We next examined the temporal relationship between GnRH-GE and exocytosis and found that fluctuations of GnRH-GE appeared to accompany bursts of exocytosis (65 of 98 episodes of GnRH-GE occurred simultaneously with exocytotic pulses; n = 20 cells). The association in timing of these two indexes raised the possibility that a functional link existed between pulses of GnRH-GE and exocytosis. We reasoned that if a link existed between these two processes, then blockage of one process should markedly influence the other. Therefore, this reasoning was used in the following experiments.

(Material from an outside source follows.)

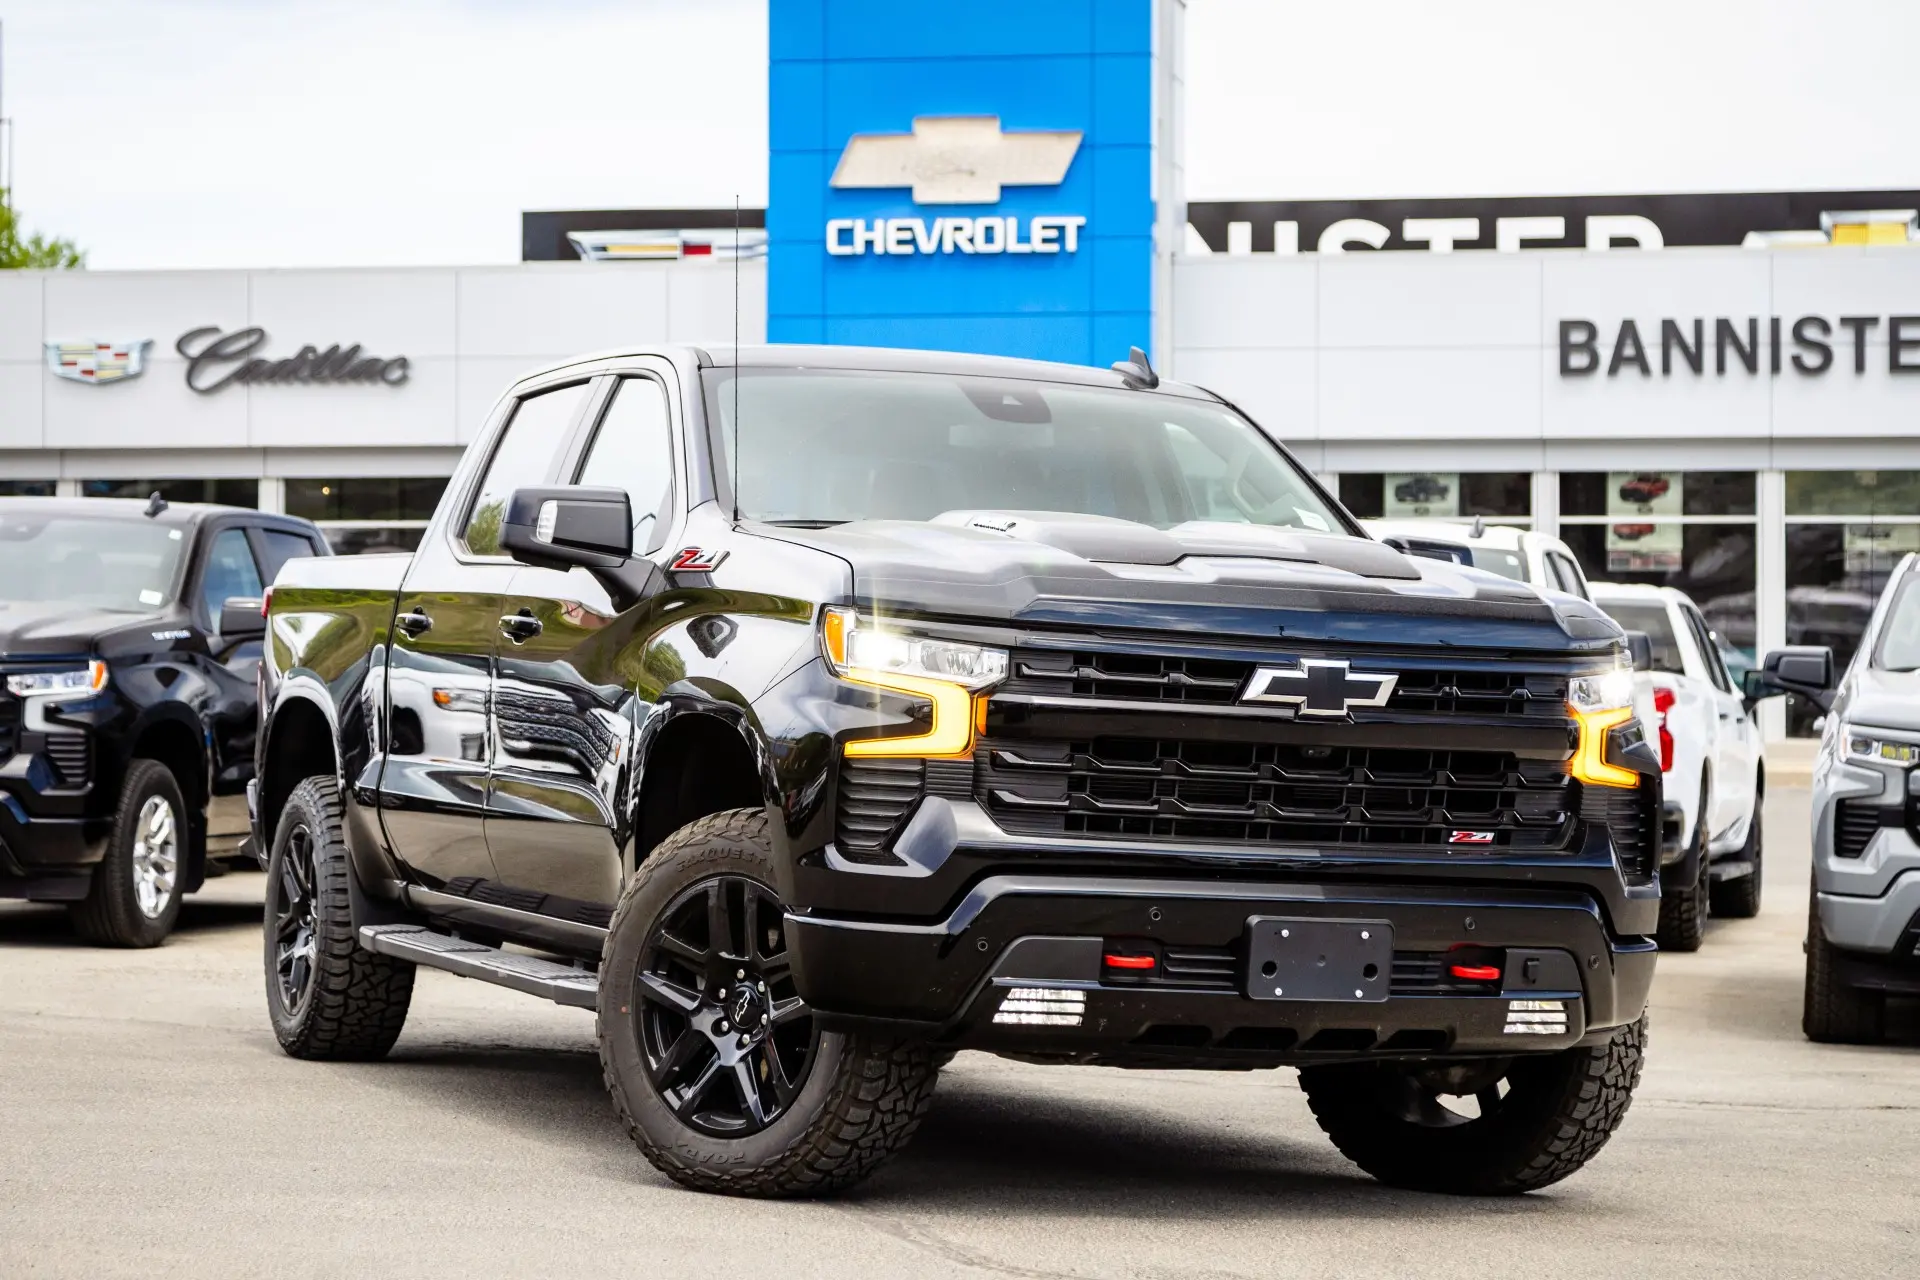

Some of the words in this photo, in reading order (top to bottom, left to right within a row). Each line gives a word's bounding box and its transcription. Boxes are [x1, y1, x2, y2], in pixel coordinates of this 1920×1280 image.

[826, 216, 1087, 256] CHEVROLET
[175, 326, 410, 394] Cadillac
[1558, 316, 1920, 376] BANNISTE

Effect of blockage of GnRH-GE episodes on exocytotic pulse activity
To determine whether exocytotic pulse activity was dependent on GnRH-GE, we blocked transcription with actinomycin D and assessed the presence and dynamics of exocytotic pulses. Shown in Fig. 2AGo are the GnRH-GE and exocytotic profiles in an individual cell after actinomycin D treatment. Analysis revealed that this treatment induced a rapid decrease in GnRH-GE, especially the frequency with which episodes occurred (0.77 ± 0.16 vs. 0.16 ± 0.05 pulses/h, before and after exposure to actinomycin D, respectively; n = 10 cells). More importantly, blockage of transcription did not abolish exocytotic bursts in GT1-7 neurons, similar to that found in the entire population of GT1–1 cells (20). Interestingly, actinomycin D did reduce pulse frequency and duration in a time-dependent manner (Fig. 2BGo). Exocytotic pulse frequency and duration decreased only slightly during the first 6 h in cells after actinomycin D treatment. This inhibitory effect became more evident with prolonged treatment (>6 h). However, even though pulse frequency and duration were reduced with time of treatment, pulse amplitude was not influenced. Taken together, these results indicate that GnRH-GE episodes do not account for the initiation or acute modulation of exocytotic pulses.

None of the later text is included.